(ASSIGNMENT): What you return should be the entries, unchanged, without their pictures.

(WORKING DATA):
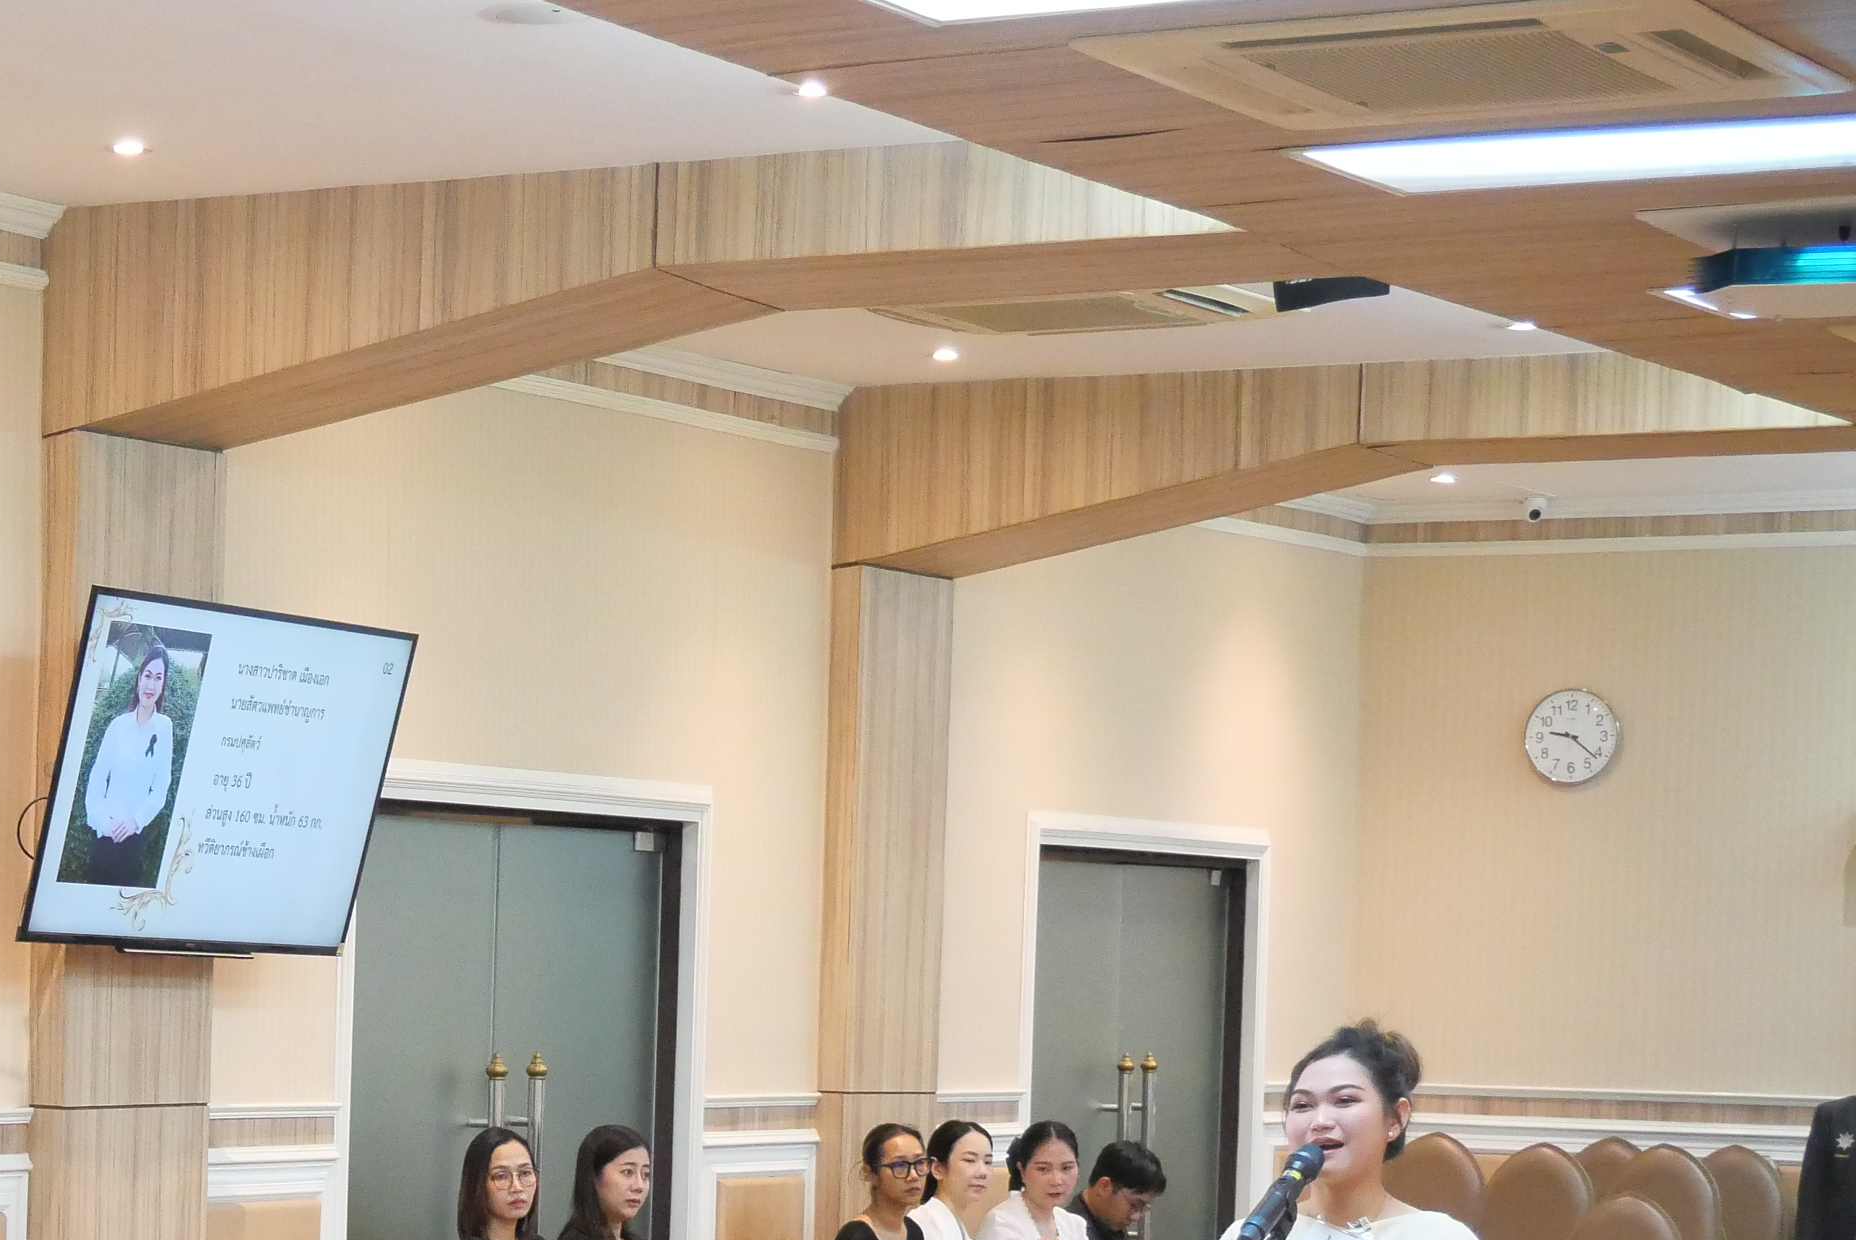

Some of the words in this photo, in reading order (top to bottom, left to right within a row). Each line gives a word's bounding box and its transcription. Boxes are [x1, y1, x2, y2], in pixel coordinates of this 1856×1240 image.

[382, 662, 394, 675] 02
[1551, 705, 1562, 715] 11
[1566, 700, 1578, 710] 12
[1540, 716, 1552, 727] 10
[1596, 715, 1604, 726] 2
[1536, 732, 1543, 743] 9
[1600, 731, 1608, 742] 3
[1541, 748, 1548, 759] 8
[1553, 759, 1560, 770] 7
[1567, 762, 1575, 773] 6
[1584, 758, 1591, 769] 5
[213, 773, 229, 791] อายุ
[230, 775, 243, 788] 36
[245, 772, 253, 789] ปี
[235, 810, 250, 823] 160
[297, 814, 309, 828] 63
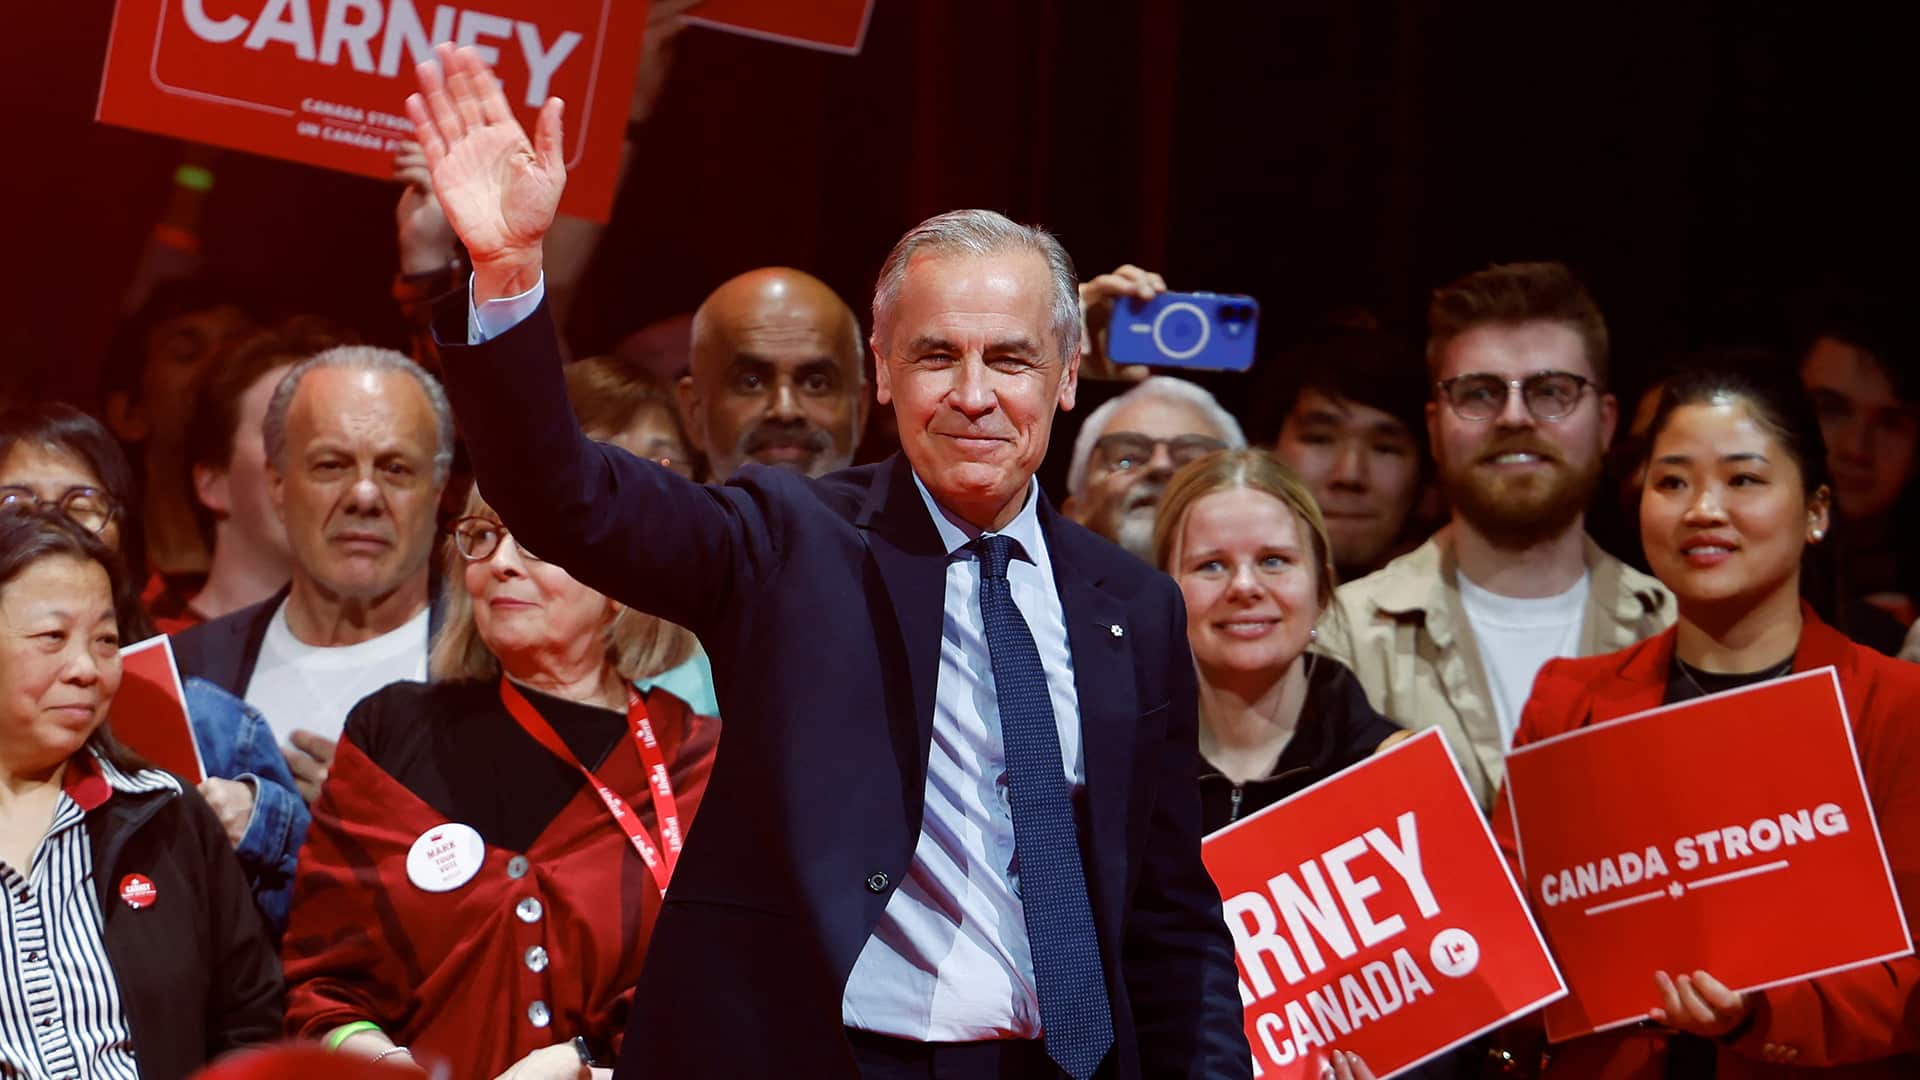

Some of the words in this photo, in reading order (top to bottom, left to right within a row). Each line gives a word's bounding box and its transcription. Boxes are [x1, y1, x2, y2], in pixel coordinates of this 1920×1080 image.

(SOLUTION TO THE EXERCISE):
Some of the words in this photo, in reading order (top to bottom, left to right within a row). Each line gives a word's bounding box and its transcription. Boxes are [x1, y1, x2, y2], in pixel coordinates of this 1856×1240 image.

[382, 662, 394, 675] 02
[1551, 705, 1562, 715] 11
[1566, 700, 1578, 710] 12
[1540, 716, 1552, 727] 10
[1596, 715, 1604, 726] 2
[1536, 732, 1543, 743] 9
[1600, 731, 1608, 742] 3
[1541, 748, 1548, 759] 8
[1553, 759, 1560, 770] 7
[1567, 762, 1575, 773] 6
[1584, 758, 1591, 769] 5
[213, 773, 229, 791] อายุ
[230, 775, 243, 788] 36
[245, 772, 253, 789] ปี
[235, 810, 250, 823] 160
[297, 814, 309, 828] 63

Some of the words in this photo, in reading order (top to bottom, left to right within a row). Each line gives a word's bounding box and its transcription. Boxes are [x1, y1, x2, y2], in pixel coordinates of this 1920×1080 image.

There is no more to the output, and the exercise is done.